Según el autor, sugerir que existe una crisis en lo que a los niños en la escuela se refiere, no implica que no haya áreas en la escuela y fuera de ella donde las niñas requieran más atención que los niños. Más bien sugiere que las políticas educativas sobre equidad de género de los últimos treinta años han sido relativamente exitosas y que tras este éxito, las necesidades específicas de los niños exigen una reevaluación cuidadosa.
En el año 2003, aproximadamente el 60% de las aplicaciones para ingresar a "colleges" y universidades norteamericanas fueron de mujeres y 40% de varones.
El problema tampoco puede observarse en los datos sobre expectativas laborales entre hombres y mujeres. En 1972 sólo había una brecha pequeña a favor de las mujeres que se graduaban de la educación secundaria que esperaban obtener títulos "profesionales" antes de los treinta años. En 1992, esta brecha se había incrementado dramáticamente, lo cual no resulta una sorpresa si se tiene en cuenta que más mujeres que hombres asistían a la universidad en esa década. Más aún, en 1972 más hombres que mujeres se matriculaban en la preparatoria, mientras en el año 1992 esta situación se revirtió por completo.
También existen otros indicadores que merecen atención: las niñas han obtenido mejores calificaciones que los niños y aproximadamente tres veces más niños que niñas están matriculados en escuelas y clases de educación especial en ese país. Además, más niños que niñas están involucrados en todo tipo de crímenes, conductas delictivas y violentas y uso de alcohol y drogas, tanto dentro como fuera de la escuela. Varios informes del NCES (National Center on Education Statistics) han hallado resultados desfavorables para los niños en estudios de menores de entre tres y cinco años.
Una consecuencia de este escenario es el creciente pool de hombres que terminaron la escuela y no encuentran empleo.

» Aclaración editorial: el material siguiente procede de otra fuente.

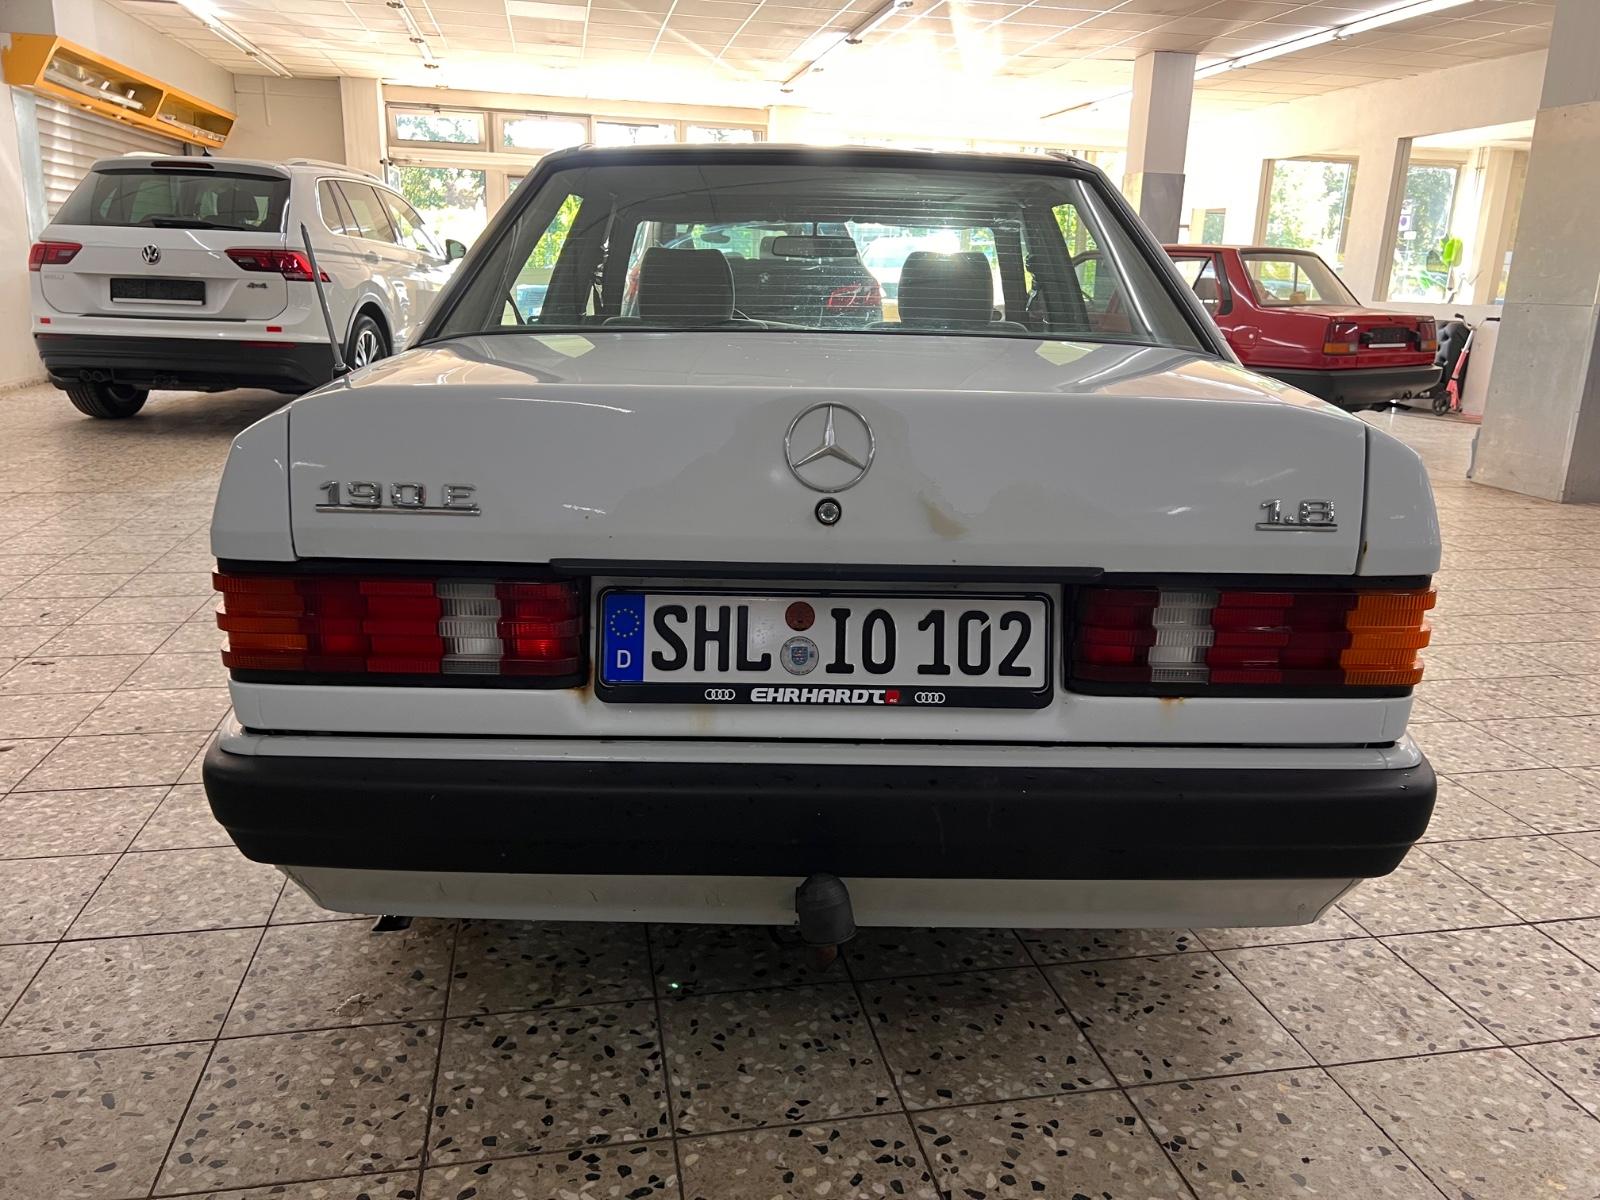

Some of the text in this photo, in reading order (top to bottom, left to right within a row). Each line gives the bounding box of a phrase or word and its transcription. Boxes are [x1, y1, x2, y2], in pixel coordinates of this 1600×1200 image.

[320, 481, 477, 507] 190 E
[1260, 500, 1335, 524] 1.8
[651, 605, 772, 672] SHL
[825, 608, 896, 674] IO
[917, 610, 1031, 677] 102
[616, 649, 631, 669] D
[750, 687, 886, 704] EHRHARDT
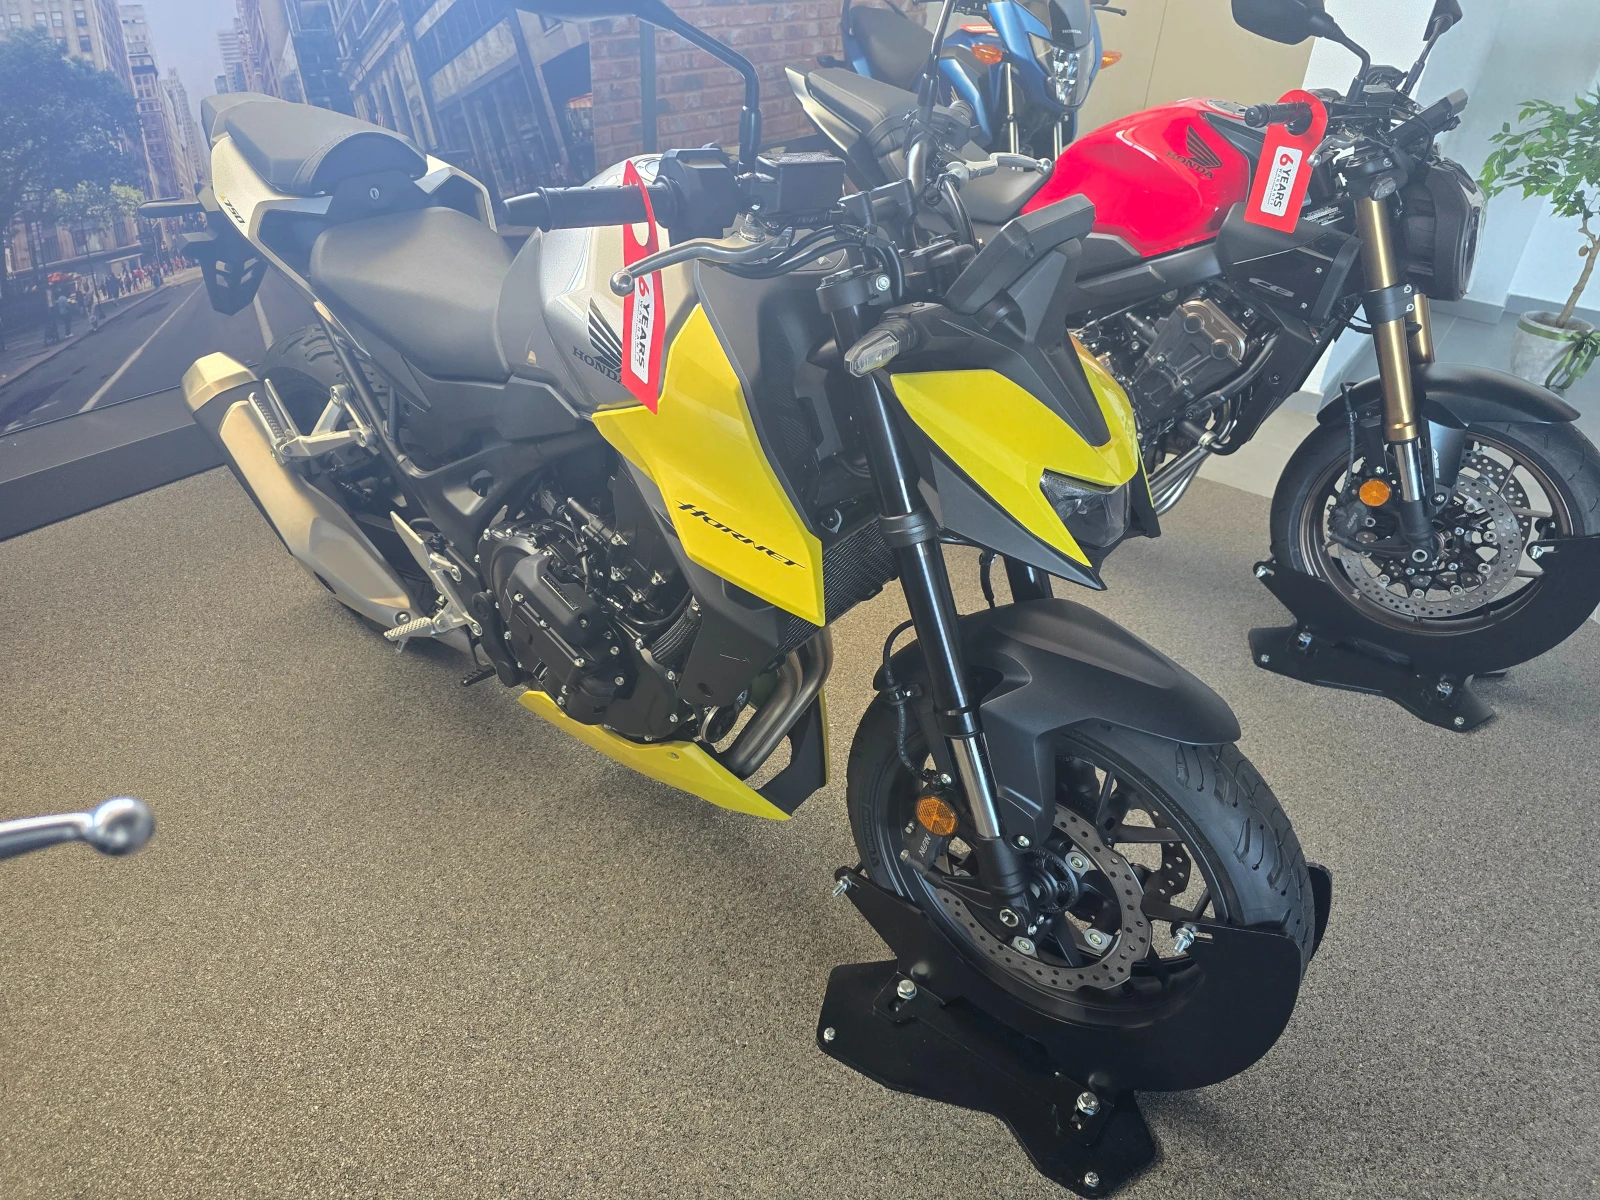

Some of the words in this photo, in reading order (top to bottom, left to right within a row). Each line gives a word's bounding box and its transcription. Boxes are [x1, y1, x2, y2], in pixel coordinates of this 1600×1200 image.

[1165, 150, 1214, 181] HONDA
[1279, 153, 1294, 167] 6
[1273, 168, 1292, 208] YEARS
[224, 199, 246, 224] 750
[638, 275, 650, 297] 6
[638, 302, 651, 369] YEARS
[675, 499, 807, 569] HORNET
[918, 832, 932, 858] NISSIN
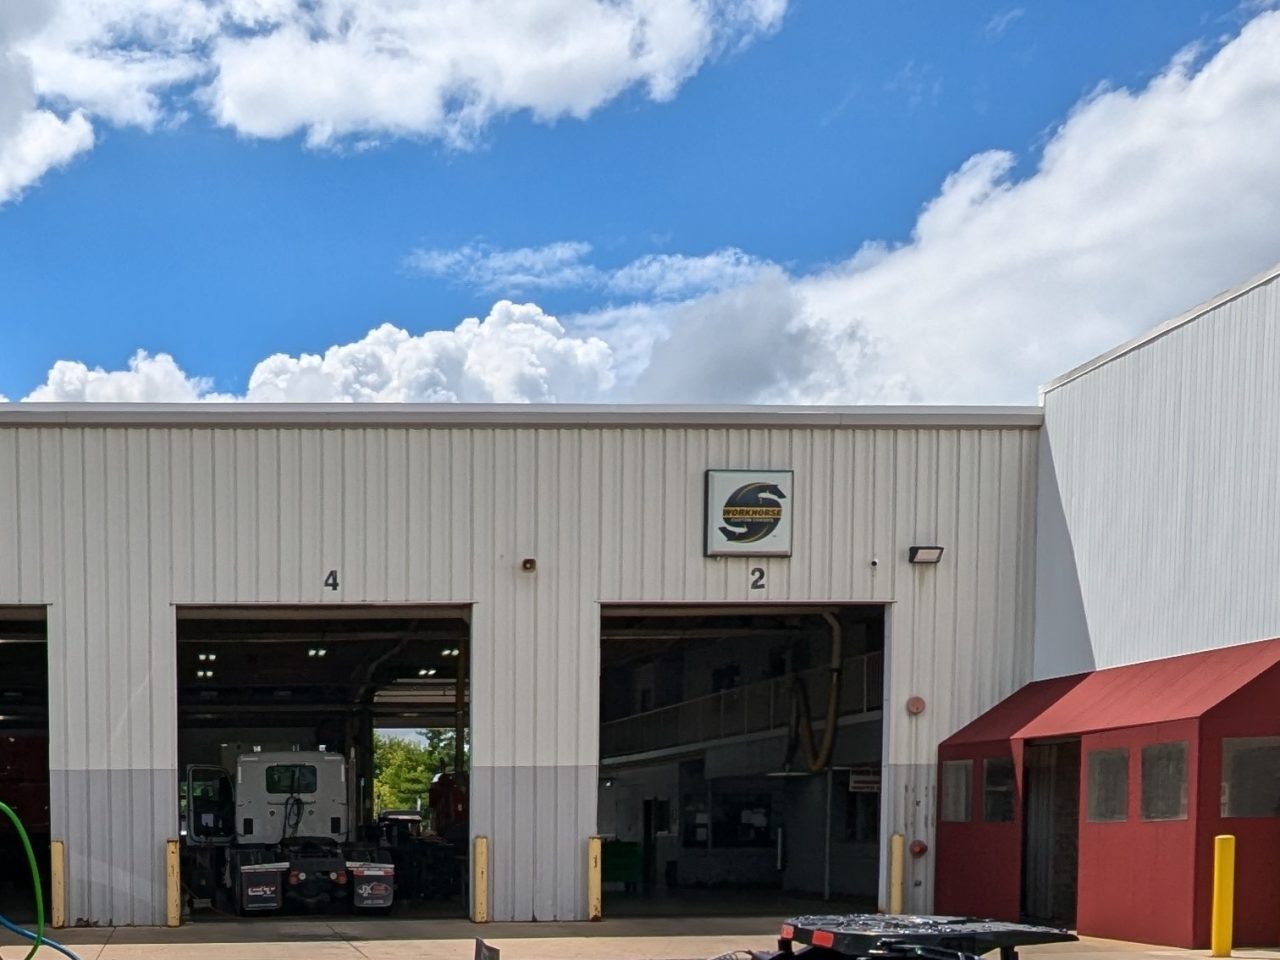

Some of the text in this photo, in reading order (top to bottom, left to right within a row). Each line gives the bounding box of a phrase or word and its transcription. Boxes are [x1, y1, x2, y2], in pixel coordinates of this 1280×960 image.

[723, 508, 782, 517] WORKHORSE
[323, 569, 339, 591] 4
[750, 567, 766, 590] 2
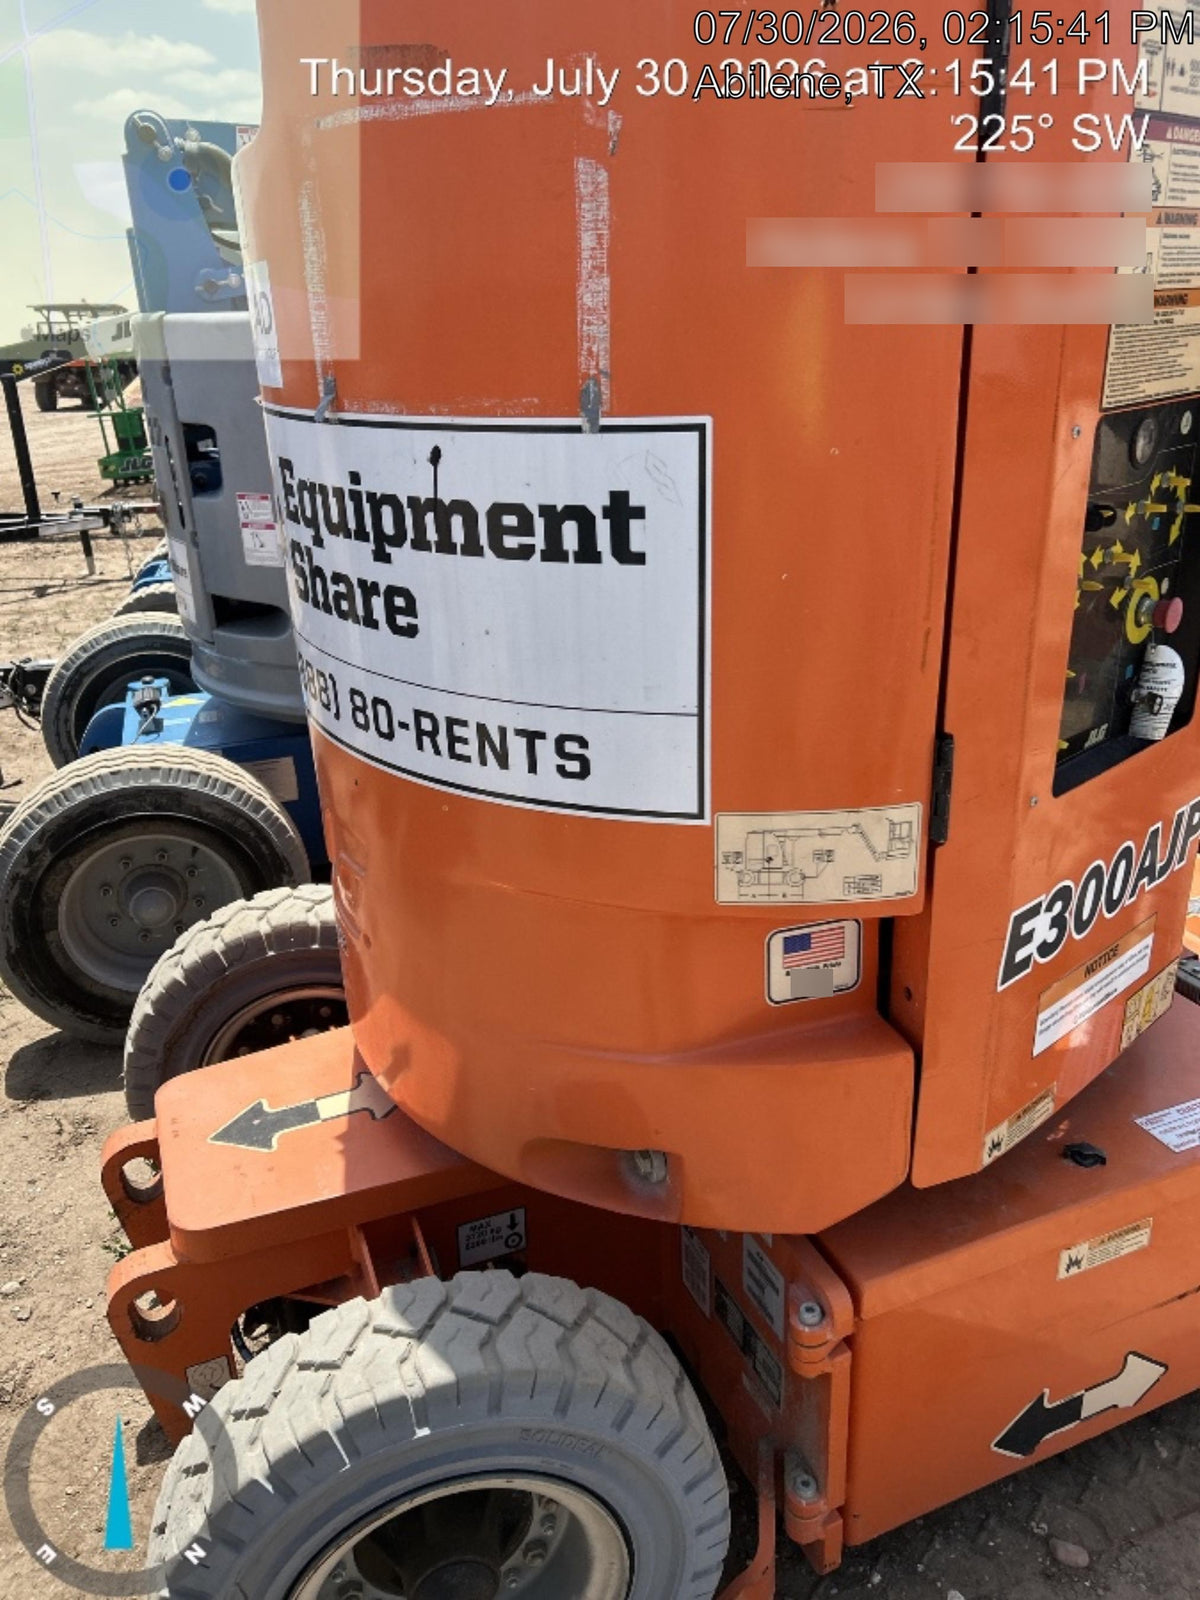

Por supuesto, existen otros factores que deben tomarse en cuenta al estimar/ la dirección de la brecha de género: uno de ellos es el nivel de acoso sexual que se da dentro y fuera de la escuela; otros punto es que los resultados educacionales no se transfieren inmediatamente en cambios fuera de la escuela.
Si persisten las ventajas educacionales para las mujeres, las mismas conducirán a una mayor equidad de logros ocupacionales y de ingresos, pero esa mayor equidad aún no es una realidad. Las mujeres continúan subvaluadas en los lugares de trabajo, excluidas de puestos de liderazgo en muchos empleos u ocupaciones y reciben salarios menores en comparación con varones/hombres con las mismas calificaciones.
Para finalizar, el autor señala que hay que reconocer que los varones no están prosperando en la escuela en comparación con las niñas/mujeres. Es por ello que las necesidades educacionales de los varones requieren un estrecho monitoreo en la siguiente década que pueda conducir a un enfoque más equilibrado del estudio de la equidad de género en las escuelas.